======== DATA SHOWN
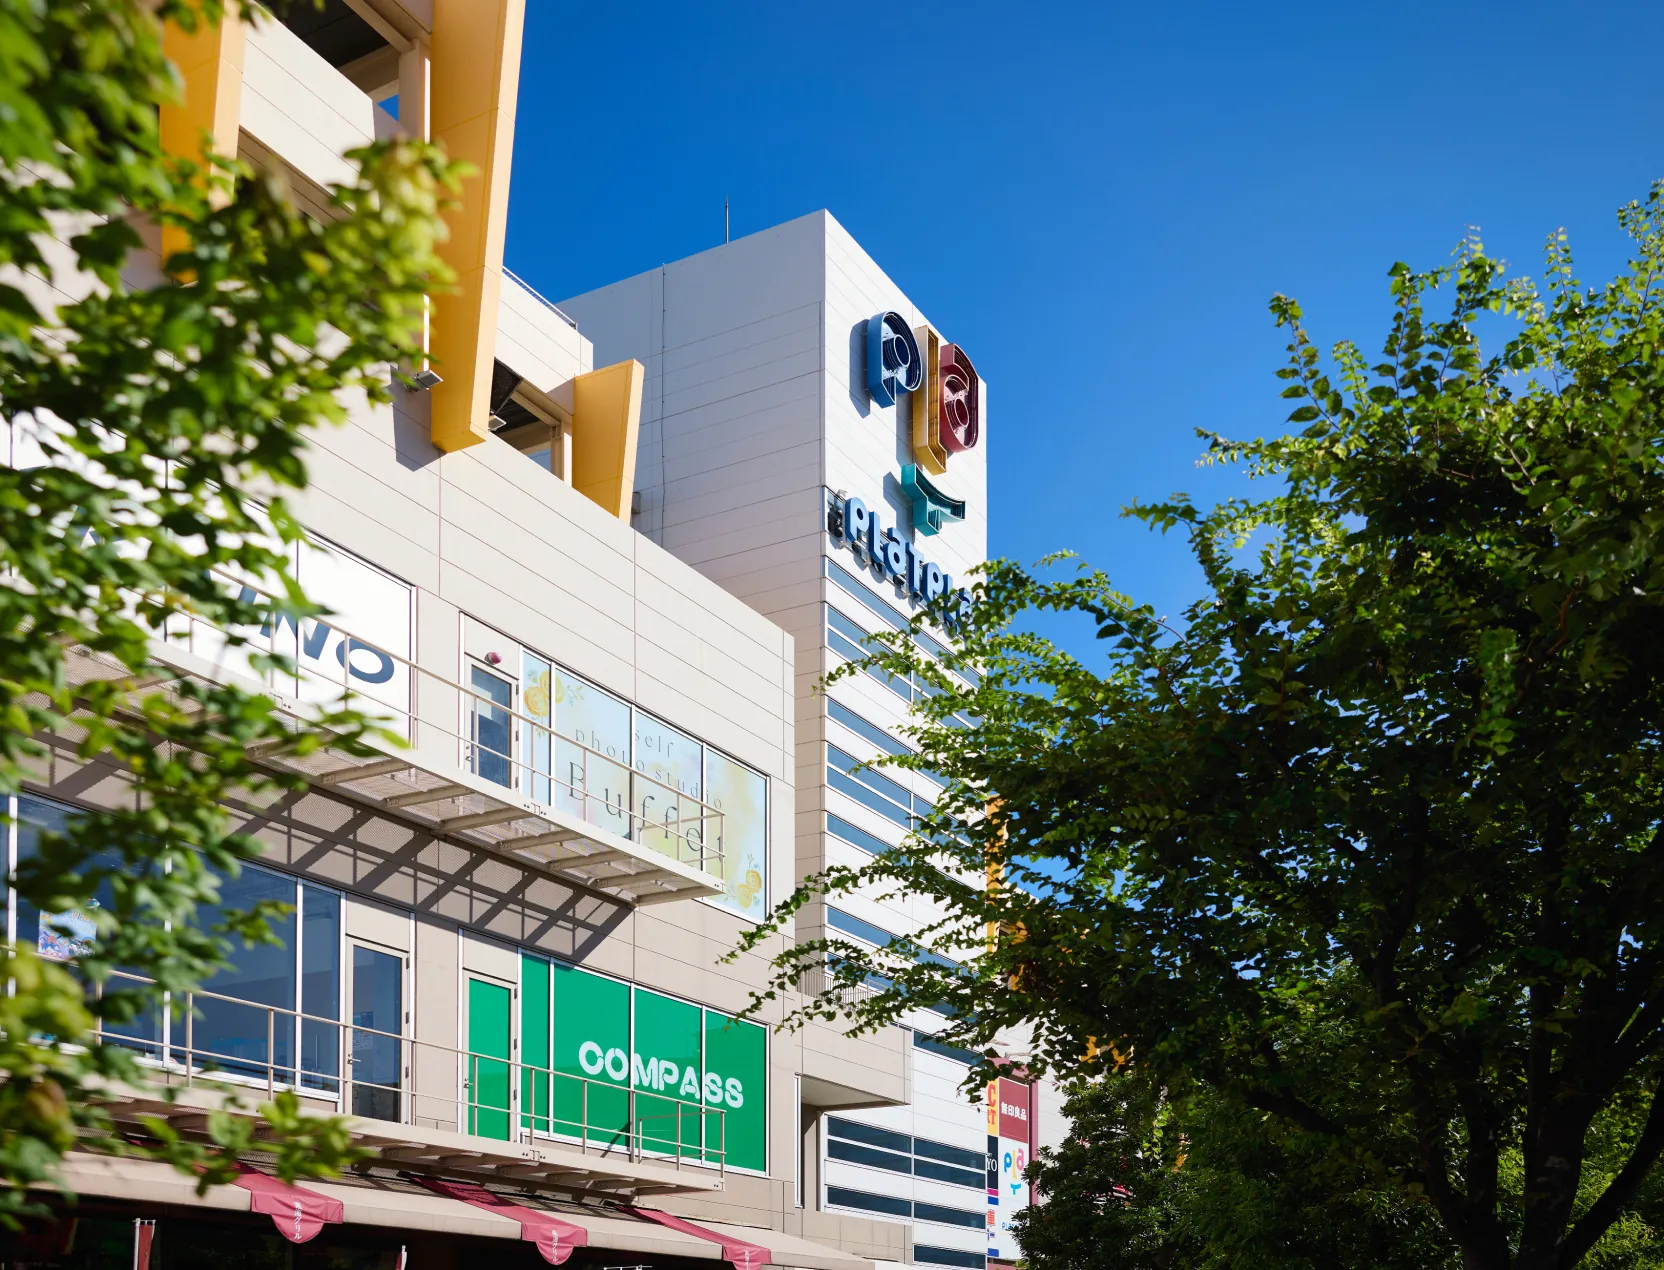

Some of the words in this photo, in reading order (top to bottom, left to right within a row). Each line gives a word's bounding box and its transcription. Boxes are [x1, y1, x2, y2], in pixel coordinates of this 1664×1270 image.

[634, 730, 673, 757] self
[655, 769, 722, 809] studio
[579, 1041, 744, 1108] COMPASS
[1001, 1101, 1027, 1121] 無印良品
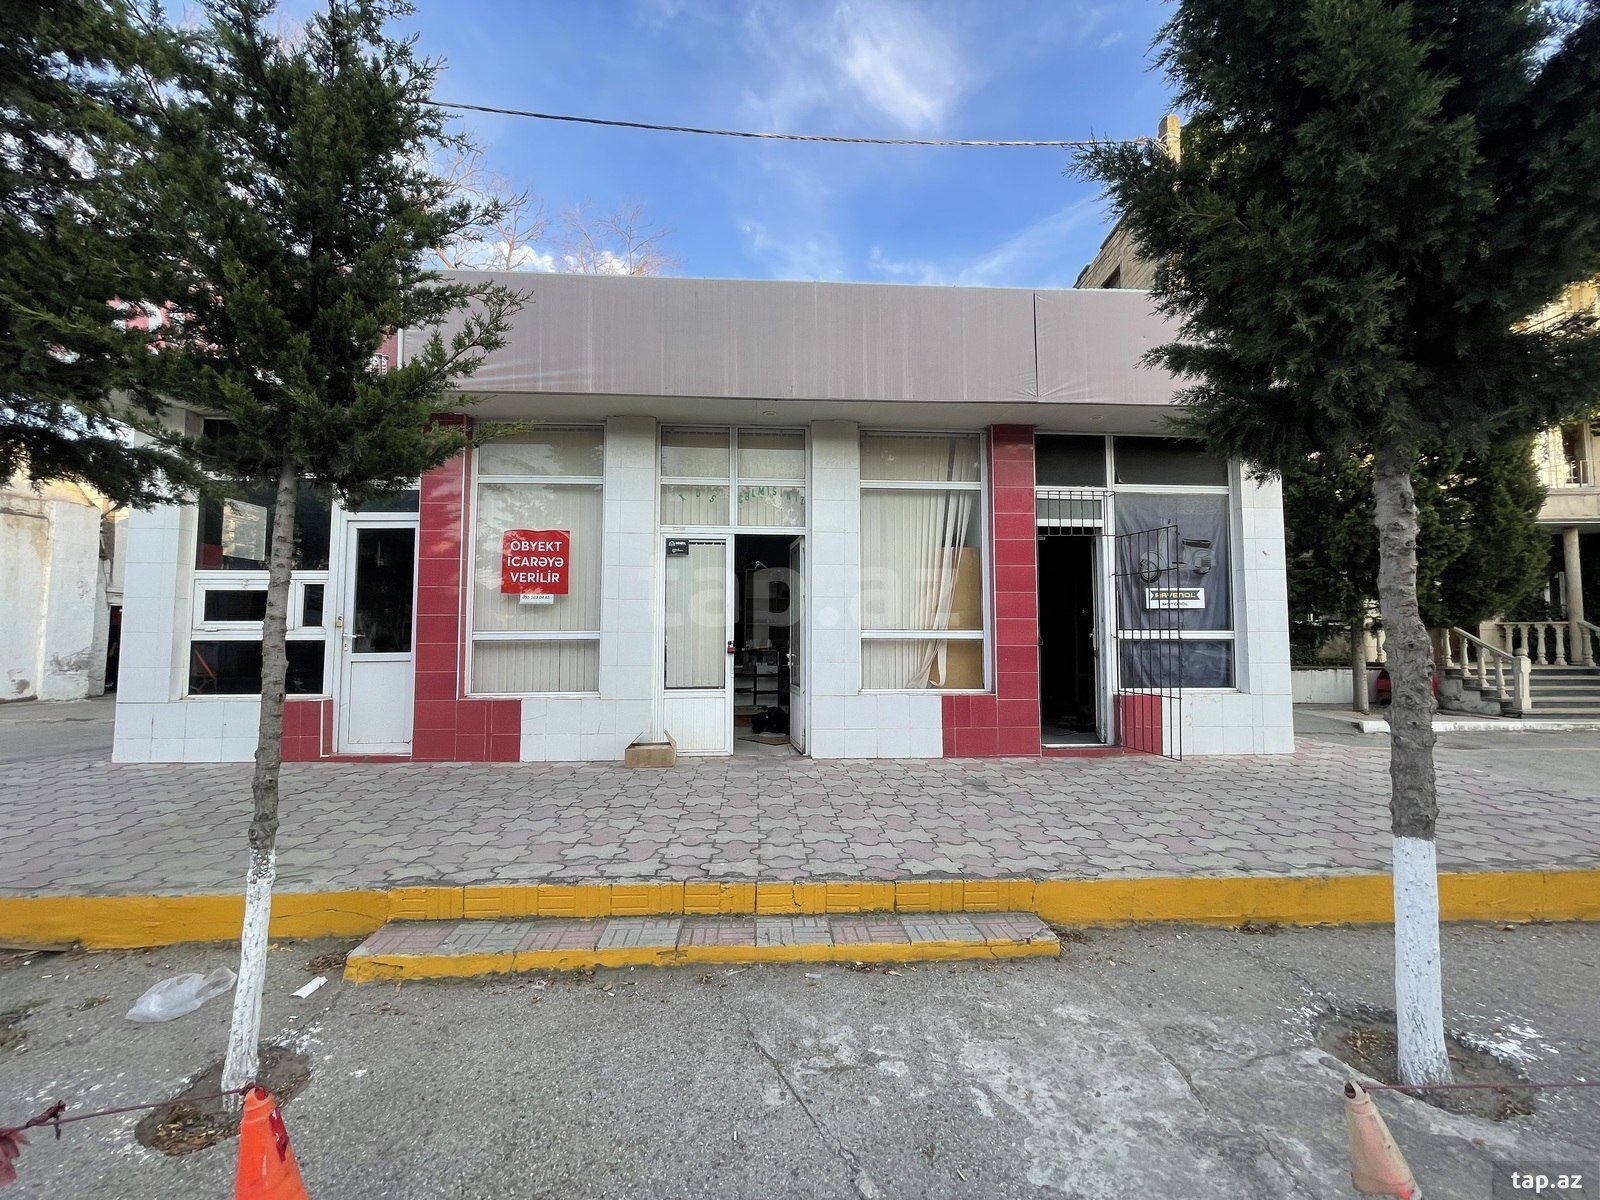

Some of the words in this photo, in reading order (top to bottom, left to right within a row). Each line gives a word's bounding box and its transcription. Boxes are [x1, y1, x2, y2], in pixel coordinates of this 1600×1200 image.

[510, 541, 562, 552] OBYEKT
[507, 554, 564, 567] İCARƏYƏ
[510, 570, 560, 583] VERİLİR
================
> _TASK_: Write out all of the data above exactly, pictures excluded.

> _SOLUTION TO THE EXERCISE_:
Some of the words in this photo, in reading order (top to bottom, left to right within a row). Each line gives a word's bounding box and its transcription. Boxes are [x1, y1, x2, y2], in pixel coordinates of this 1664×1270 image.

[634, 730, 673, 757] self
[655, 769, 722, 809] studio
[579, 1041, 744, 1108] COMPASS
[1001, 1101, 1027, 1121] 無印良品

Some of the words in this photo, in reading order (top to bottom, left to right within a row). Each line gives a word's bounding box and its transcription. Boxes are [x1, y1, x2, y2], in pixel coordinates of this 1600×1200 image.

[510, 541, 562, 552] OBYEKT
[507, 554, 564, 567] İCARƏYƏ
[510, 570, 560, 583] VERİLİR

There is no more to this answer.